We are pleased to announce that the faculty-led PACE advisory committee was formed and assembled on March 30, 2021. The PACE Advisory Committee is a joint effort between the EVPR and OIT to ensure that shared research computing services are both meeting faculty needs and resourced in a sustainable way.   The committee consists of a representative group of PACE and faculty members, encompassing a wide range of experience and expertise on advanced computational and data capabilities provided by OIT’s research cyberinfrastructure.  An important goal of the committee is to provide essential feedback which will help continuously improve this critical service.
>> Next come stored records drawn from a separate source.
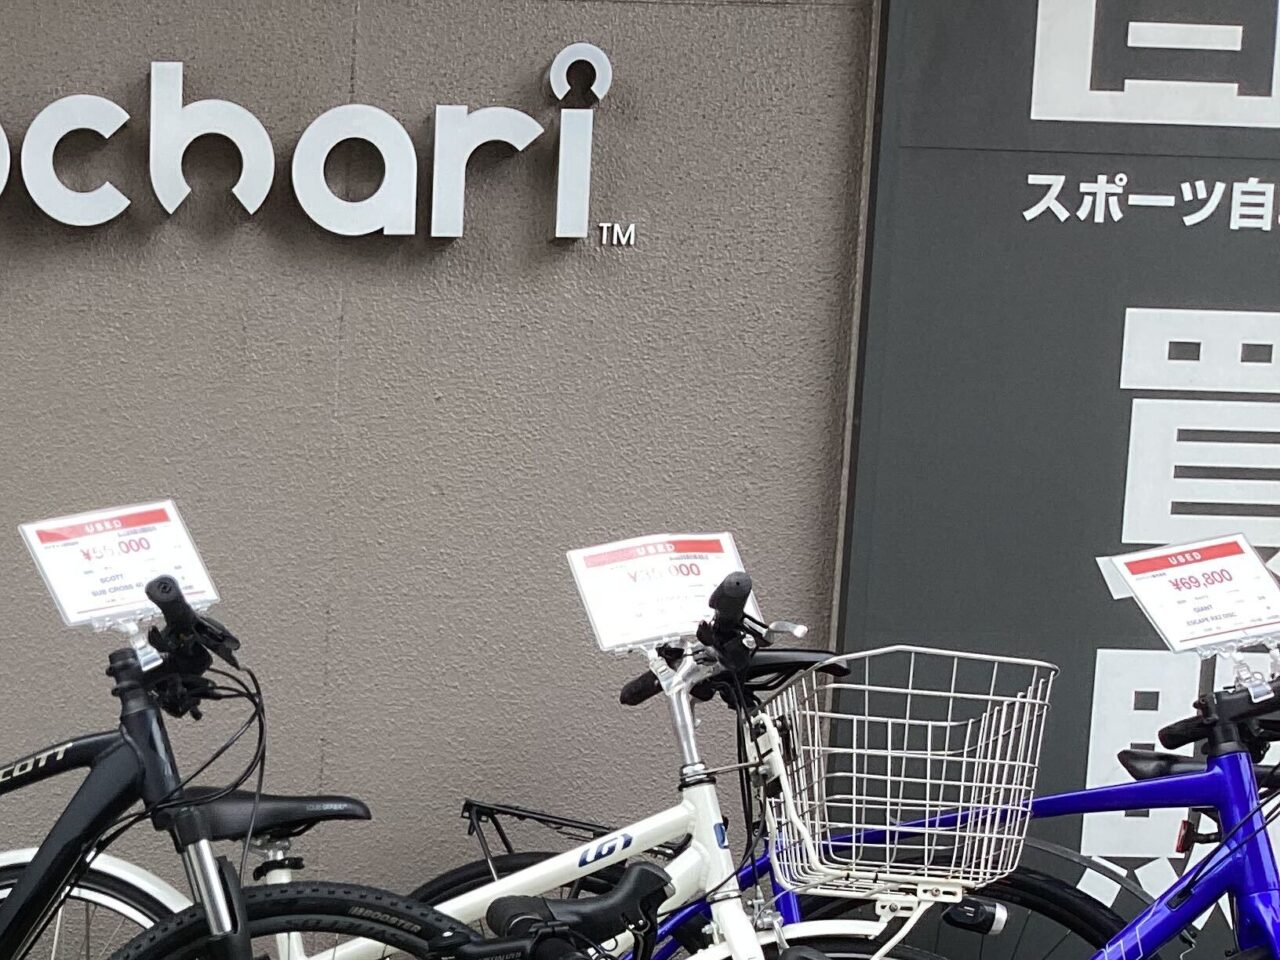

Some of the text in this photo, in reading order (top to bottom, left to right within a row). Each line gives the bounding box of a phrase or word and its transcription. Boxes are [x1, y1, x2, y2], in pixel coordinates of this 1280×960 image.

[598, 222, 636, 246] TM
[1167, 551, 1202, 565] USED
[1168, 568, 1233, 592] ¥69,800
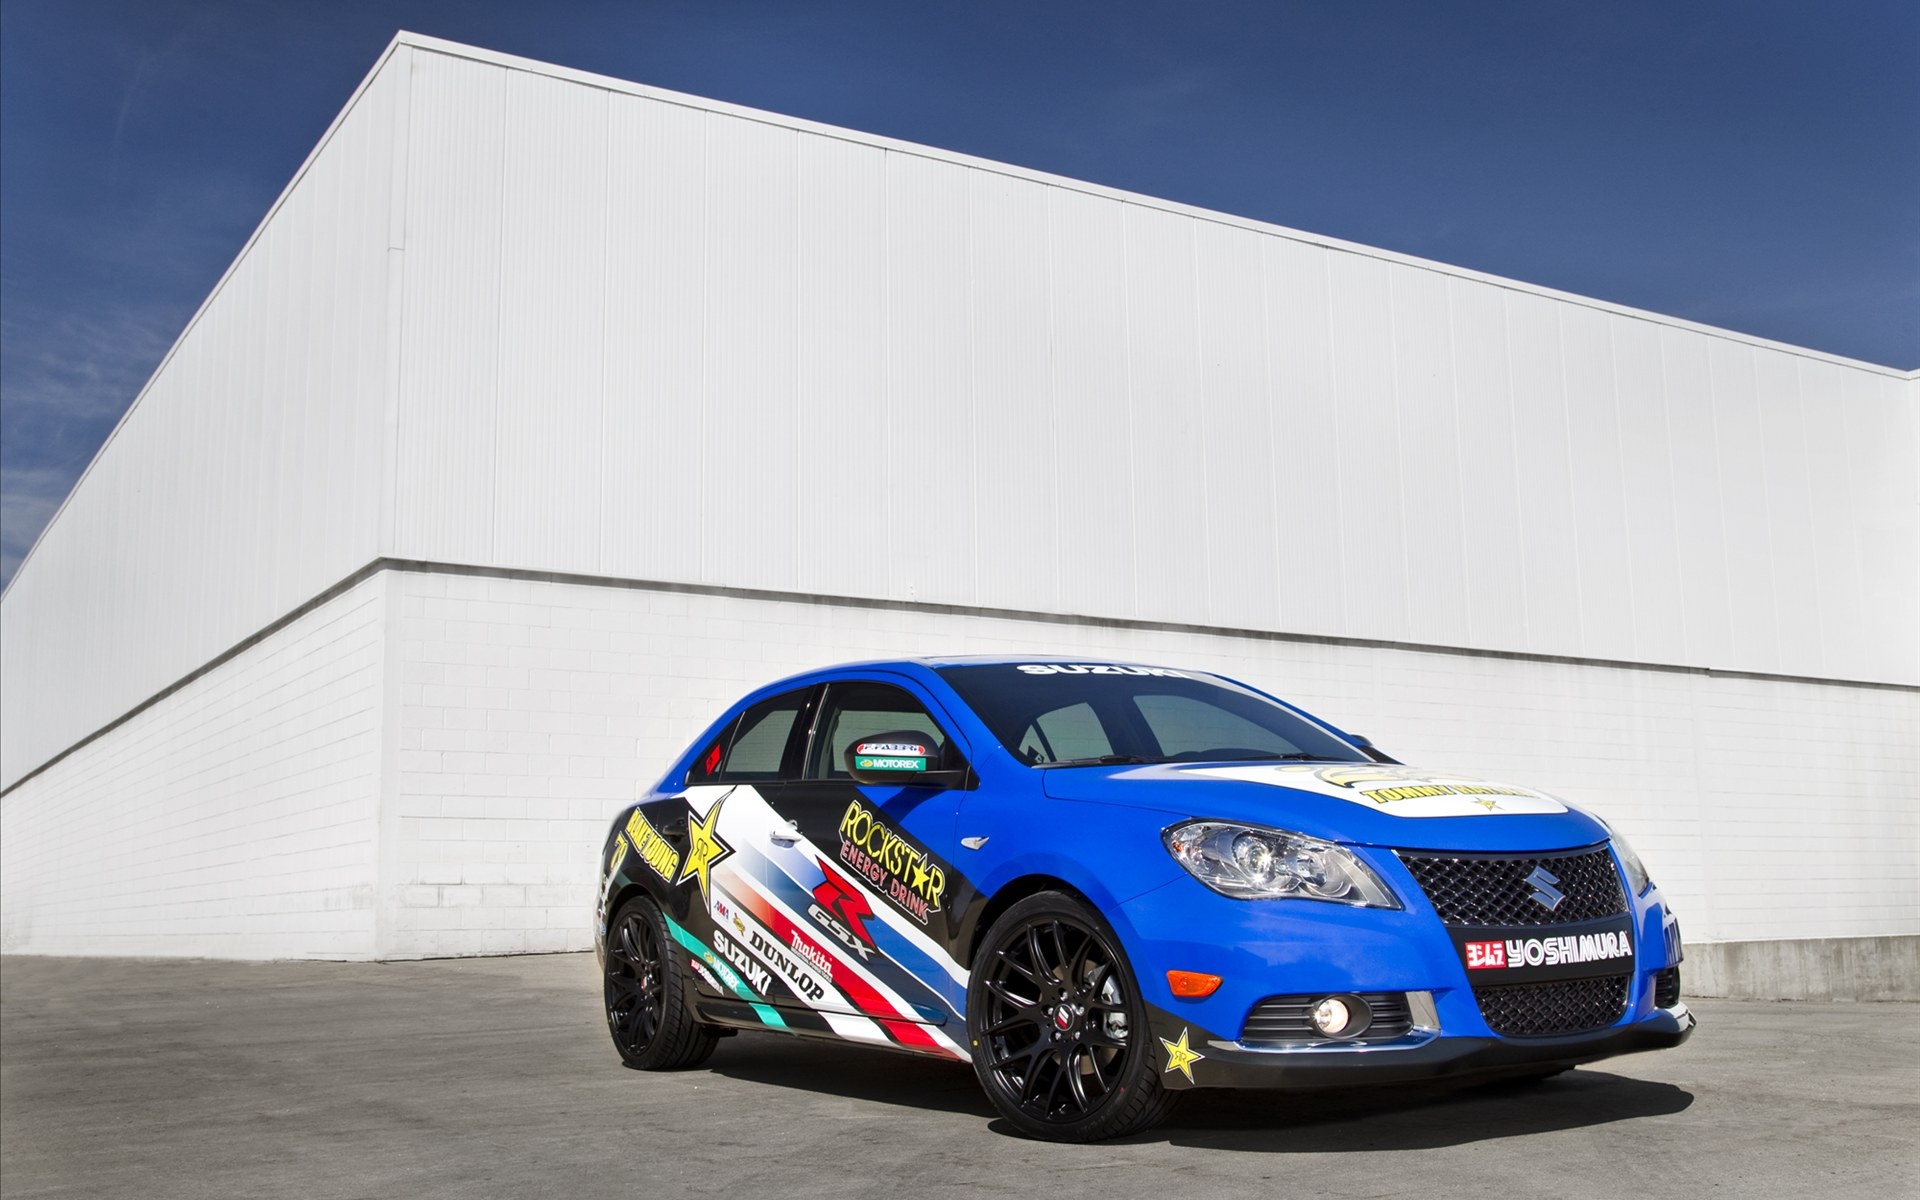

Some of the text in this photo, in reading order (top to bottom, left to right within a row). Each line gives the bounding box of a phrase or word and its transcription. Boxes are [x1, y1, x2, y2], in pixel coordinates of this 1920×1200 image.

[873, 758, 919, 769] MOTOREX
[1359, 784, 1457, 804] TOMMY
[641, 829, 679, 882] YOUNG
[841, 839, 929, 921] ENERGY DRINK
[807, 903, 876, 962] GSX
[1505, 930, 1633, 968] YOSHIMURA
[713, 929, 773, 997] SUZUKI
[749, 930, 825, 1001] DUNLOP
The committee will meet regularly and: 

  1. Function as communication channel between the broader research computing community and PACE.
  2. Serve as a sounding board for major changes to the PACE infrastructure
  3. Maintain an Institute-level view of the shared resource
  4. Help craft strategies that balance the value and benefits provided by the resources with a sustainable cost structure in the face of ever-increasing demand.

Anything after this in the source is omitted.